Филологические науки/7. Язык, речь, речевая коммуникация
Науменко А.С.
ООО
«Аурига», Россия
Effective Listening
as an Important Skill of Communication.
Listening is one
of the most important communication skill people use. Yet, many of us listen
poorly, and rarely think to improve this important skill.
Poor listeners "hear"
what's being said, but hardly ever "listen" to the whole message.
People get
distracted by their own thoughts or by what going on around them, and they
often formulate responses before the person they're talking to has finished
speaking. Because of this, they miss crucial information.
Good listeners,
on the other hand, enjoy better relationships, because they fully understand
what other people are saying. Their team members are also more productive,
because they feel that they can discuss problems easily, and talk through solutions.
It’s very important to learn to
be a better listener. There are some tips on how to achieve effective
listening.
Preparing to Listen.
Good preparation
is essential for effective listening. Without it, it's hard to listen to people
successfully.
Before an
important conversation, it’s vital to remove anything that may distract you
from it I order to stay focused and to show the other person that he or she has
your full attention. Switch off your cell phone, turn off instant messaging and
email alerts, put your work away, close your meeting room door, and do what you
can to make sure that you won't be interrupted.
If you know that
you won't be able to offer the other person your full attention – for example,
if you're working on an urgent task – schedule a better time to speak. However,
make sure that the other person knows that the conversation is important to
you.
Also, do what you
can to make the other person feel at ease. Use open body language, and a
friendly tone.
If he indicates
that he wants to speak about a sensitive subject, and if this is appropriate,
remind him that the conversation is in confidence, and that he can be honest
with you.
If you're a
manager, there may be some things that you cannot keep confidential. If your
conversation is beginning to encroach on these, make this clear to the other
person.
Active Listening
When you listen
actively, you not only make a conscious effort to hear the other person's
words, but, more importantly, you try to understand their whole message.
To do this, learn
how to read people's body language and tone, so that you can identify
"hidden" nonverbal messages.
Also, don't
interrupt people, and don't allow yourself to become distracted by your own
thoughts or opinions. Instead, focus completely on what the other person is
saying. Nod or say "OK" occasionally to acknowledge that you're
listening.
If you don't understand something,
wait for people to finish what they're saying before you ask for clarification.
Above all, don't
formulate a response until people have communicated their whole message, and
avoid any judgment or criticism until it's your turn to speak. If you argue or
"play devil's advocate" while you listen, you may discourage them
from opening up to you.
It can be
difficult not to formulate a response while the other person is talking. This
is because we typically think much faster than other people can speak, so our
brains are often "whirring away" while they are talking.

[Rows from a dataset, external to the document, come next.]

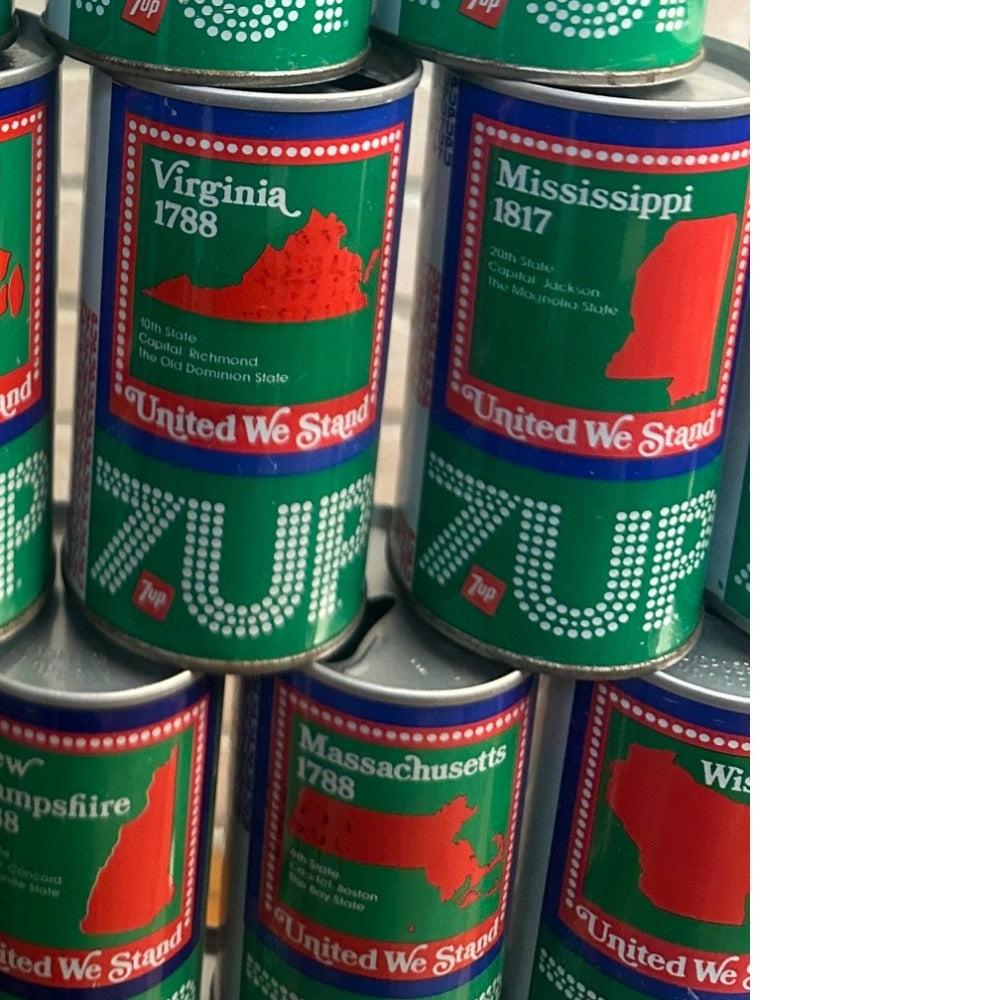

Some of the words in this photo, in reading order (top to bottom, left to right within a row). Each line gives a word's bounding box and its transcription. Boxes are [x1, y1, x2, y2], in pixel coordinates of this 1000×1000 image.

[151, 158, 301, 217] Virginia
[495, 157, 694, 220] Mississippi
[154, 200, 218, 238] 1788
[493, 197, 553, 234] 1817
[521, 256, 554, 273] State
[512, 285, 578, 310] Magnolia
[582, 302, 619, 316] State
[543, 278, 600, 297] Jackson
[165, 323, 197, 344] State
[160, 354, 183, 371] Old
[186, 362, 251, 383] Dominion
[255, 372, 289, 384] State
[189, 348, 258, 368] Richmond
[125, 385, 237, 441] United
[243, 406, 290, 444] We
[296, 397, 368, 449] Stand
[461, 384, 575, 444] United
[585, 415, 634, 450] We
[638, 411, 715, 457] Stand
[140, 580, 167, 609] 7up
[469, 574, 498, 600] 7up
[299, 723, 507, 782] Massachusetts
[296, 756, 355, 800] 1788
[58, 949, 102, 981] We
[108, 922, 183, 983] Stand
[274, 908, 377, 971] United
[383, 944, 428, 973] We
[432, 917, 499, 975] Stand
[576, 904, 686, 978] United
[694, 955, 740, 984] We
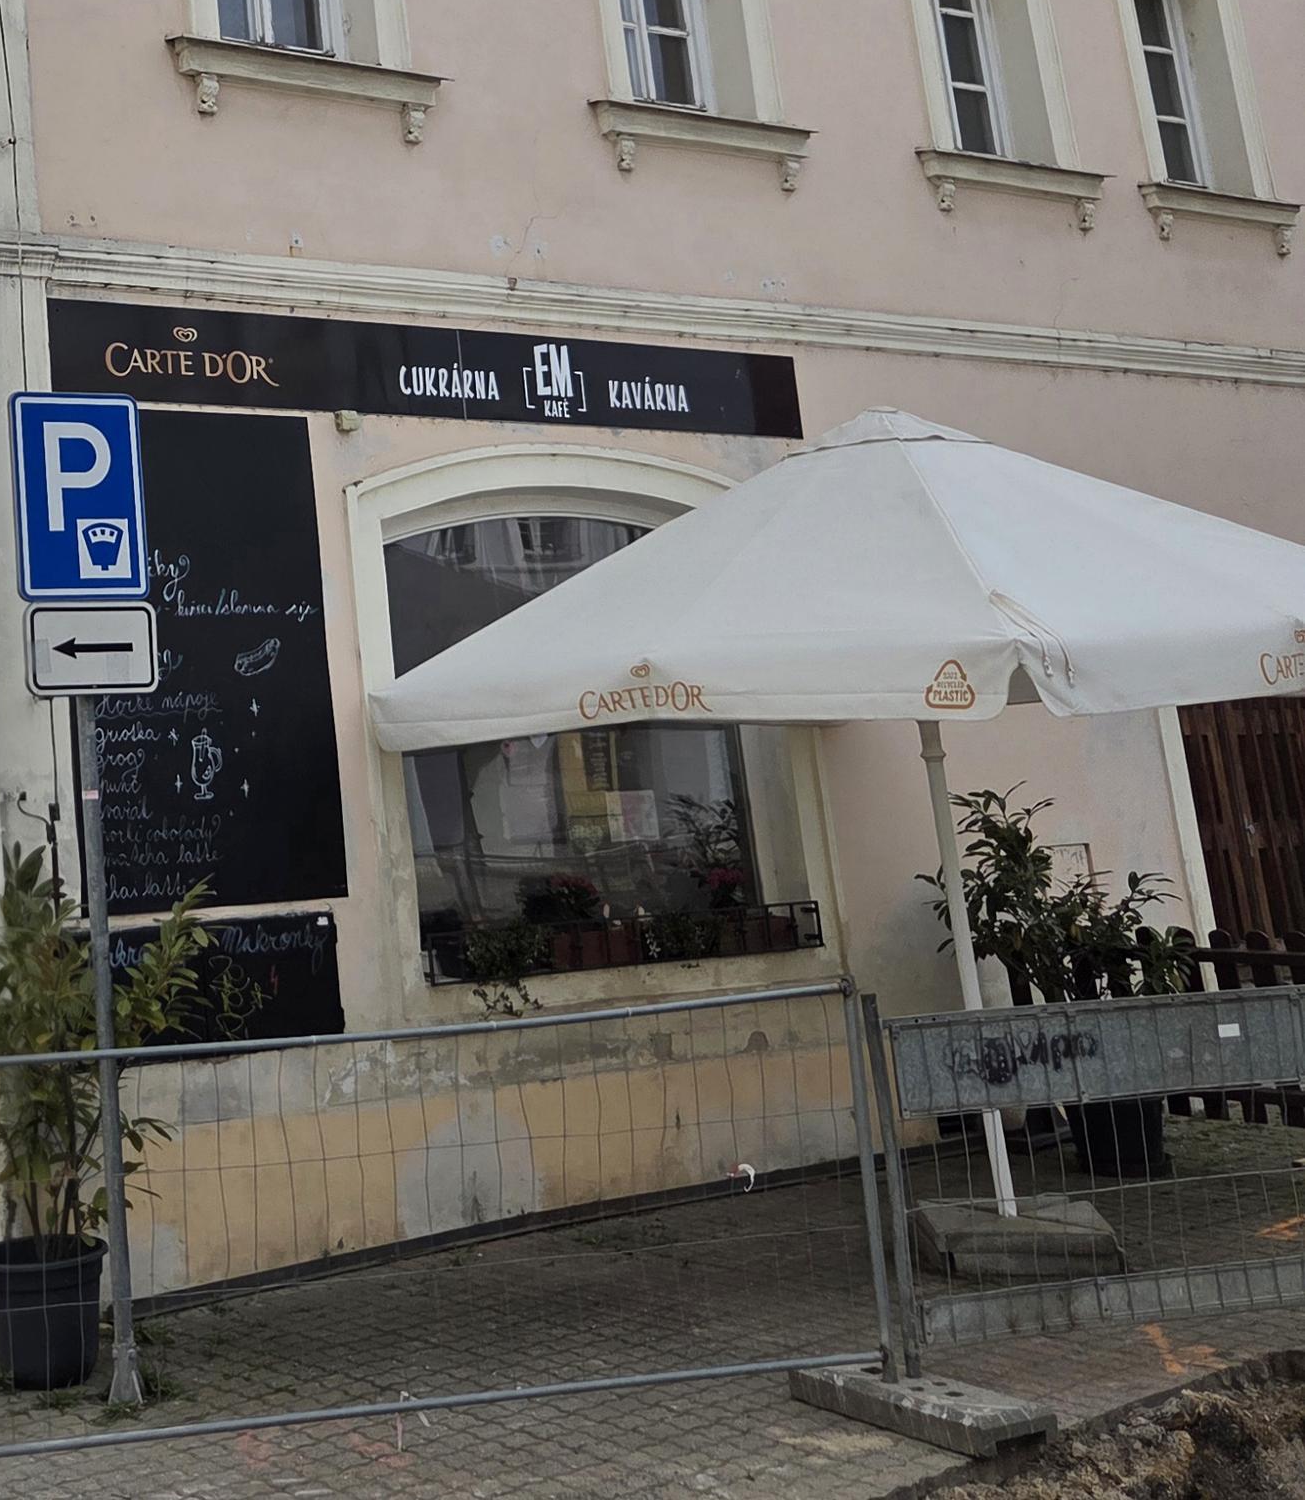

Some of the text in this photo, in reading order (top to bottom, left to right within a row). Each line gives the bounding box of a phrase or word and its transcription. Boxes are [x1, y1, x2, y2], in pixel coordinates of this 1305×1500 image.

[104, 342, 196, 378] CARTE
[533, 343, 574, 398] EM
[398, 362, 500, 401] CUKRÁRNA
[607, 376, 689, 413] KAVÁRNA
[543, 398, 571, 419] KAFÉ
[42, 420, 112, 532] P
[579, 685, 652, 720] CARTE
[933, 689, 970, 702] PLASTIC
[96, 748, 146, 782] grog
[222, 923, 328, 976] Makronky

You'll need
to concentrate hard to stay focused on the person who's speaking, and this can
take a lot of effort.
Empathic Listening
When you
demonstrate empathy, you recognize other people's emotions, and you do what you
can to understand their perspectives. As such, it really helps you take active
listening to the next level.
To listen
empathically, put yourself "in other people's shoes," and try to see
things from their point of view. Then, summarize what they say, in your own
words, to show them that you understand their perspectives.
Also, ask open
questions to help people articulate
themselves fully, and avoid using leading questions that "put words in
people's mouths." This gives them the opportunity to add further detail,
and to talk about their feelings.
Importantly,
don't fear moments of silence when you listen. Instead, embrace pauses as a way
to give people time to finish their point, and to allow them to reflect on what
they have said.
Key Points
When you have
good listening skills, you not only "hear" what's being said, but you
listen to the whole message as well. Because of this, you help others express
themselves fully. When you need to listen, make sure that you're prepared, and
ensure that things in your environment will not distract you. Also, do what you
can to put people at ease.
Next, use active
listening techniques so that you give people your full attention, and so that
you can understand the nonverbal elements of their message.
Then, take your listening skills to
the next level with empathic listening. When appropriate, embrace silence, and
make an effort to see things from other people's perspectives.
Литература:
1. Pragmatics of Language and Literature (Amsterdam: North Holland, 1975).
2. English for Business Communication Second edition Student's book (Cambridge University Press , 2003).
3. Interracial Communication: Theory into Practice. Mark P. Orbe and Tina
M. Harris, SAGE Publications, 2008.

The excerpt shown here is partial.